Without urban growth boundaries, farmers and other landowners on the
periphery of developed areas are often under tremendous pressure to
sell their land, which is worth much more as a potential subdivision
than as a farm or natural area. One innovative way of addressing this
is for the community to buy the development rights from landowners, so
that incentive to sell out to developers is no longer there. (See
sidebar "Keeping Farmers Farming.")
Another obstacle to preserving farmland outside towns and cities is the
pervasive myth that development along the periphery increases revenues
for local governments. In reality, many communities see property taxes
rise in response to the increased costs of roads, fire departments,
sewers, schools and other critical government functions. This is
especially true in fast-growing areas like Dane County, Wis., where the
Sierra Club Midwest Office and John Muir Chapter (with the support of
the Joyce Foundation) published a report titled "Sprawl Costs Us All"

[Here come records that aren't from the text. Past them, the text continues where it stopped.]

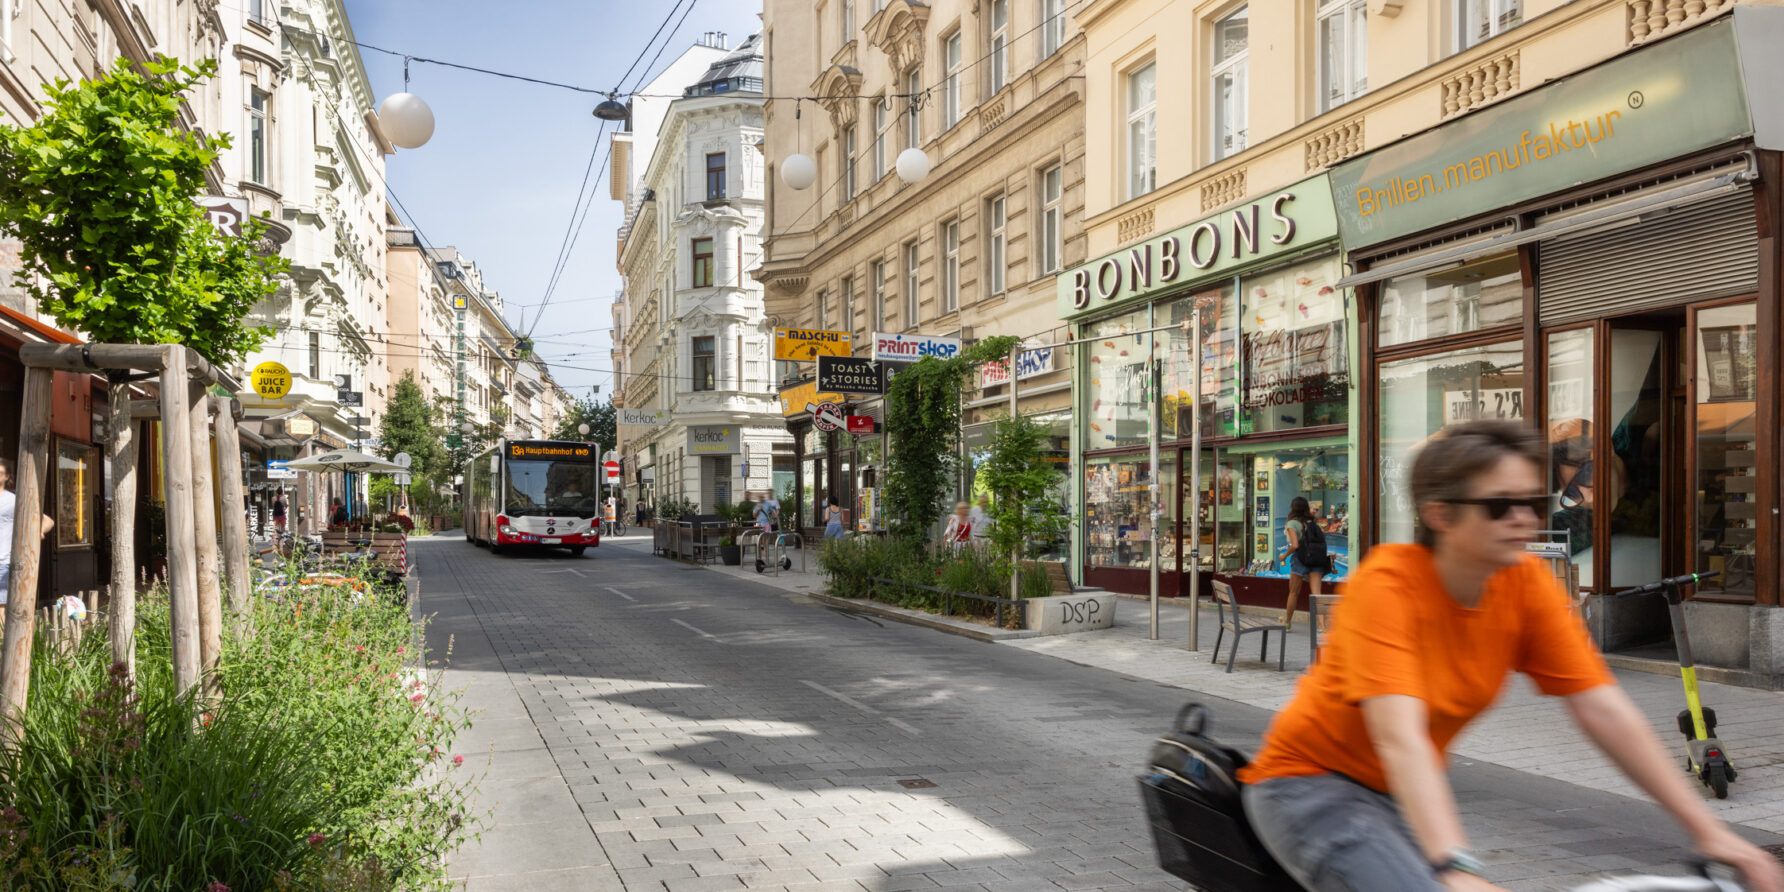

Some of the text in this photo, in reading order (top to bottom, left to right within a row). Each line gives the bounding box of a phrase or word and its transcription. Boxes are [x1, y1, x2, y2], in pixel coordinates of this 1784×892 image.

[1356, 109, 1622, 217] Brillen.manufaktur
[1073, 192, 1297, 310] BONBONS
[878, 335, 957, 357] PRINTSHOP
[830, 364, 867, 374] TOAST
[258, 378, 285, 386] JUICE
[831, 375, 878, 385] STORIES
[261, 386, 282, 394] BAR
[820, 404, 840, 416] TABAK
[624, 411, 656, 424] kerkoc
[695, 428, 724, 442] kerkoc
[512, 446, 524, 456] 13A
[525, 447, 573, 456] Hauptbahnhof

cataloging the costs of sprawl in Wisconsin and what local activists
can do about it.
"Development in Wisconsin may cost state taxpayers $10,000 per home and
over $4.4 billion over the next 15 years," says report author and Club
Midwest Regional Representative Brett Hulsey. The Club is calling for a
"property tax impact statement" akin to the environmental impact
statements required for many developments.
The village of McFarland, Wis., compiled a property tax impact
statement and found that for each $1 million spent on new homes,
taxpayers would have to pay an additional $30 apiece in property taxes.

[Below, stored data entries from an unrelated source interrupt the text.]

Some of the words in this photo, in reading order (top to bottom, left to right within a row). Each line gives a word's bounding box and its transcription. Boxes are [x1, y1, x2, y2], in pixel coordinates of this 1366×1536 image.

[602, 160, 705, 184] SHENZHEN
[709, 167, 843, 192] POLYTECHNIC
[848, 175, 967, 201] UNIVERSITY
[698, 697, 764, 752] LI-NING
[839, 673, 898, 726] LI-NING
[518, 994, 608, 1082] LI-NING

The city of Franklin, south of Milwaukee, estimated that each new home
cost city taxpayers over $10,000 for schools and services in 1992 but
that builders paid only $813 in impact fees in 1995, and the new
homeowners paid less than $5,000 in property taxes.
"We're just asking for truth in advertising," says Hulsey. "If
taxpayers realize they're paying millions of dollars to subsidize
sprawl, they're more likely to support cost-effective urban
development."
The Maryland Chapter has adapted the Sprawl Costs Us All model for
their state, giving an "Ostrich Award" to 14 counties that do not track
the costs of development to taxpayers. "These counties have their heads
in the sand," says Janet Pelley, principal author of the report.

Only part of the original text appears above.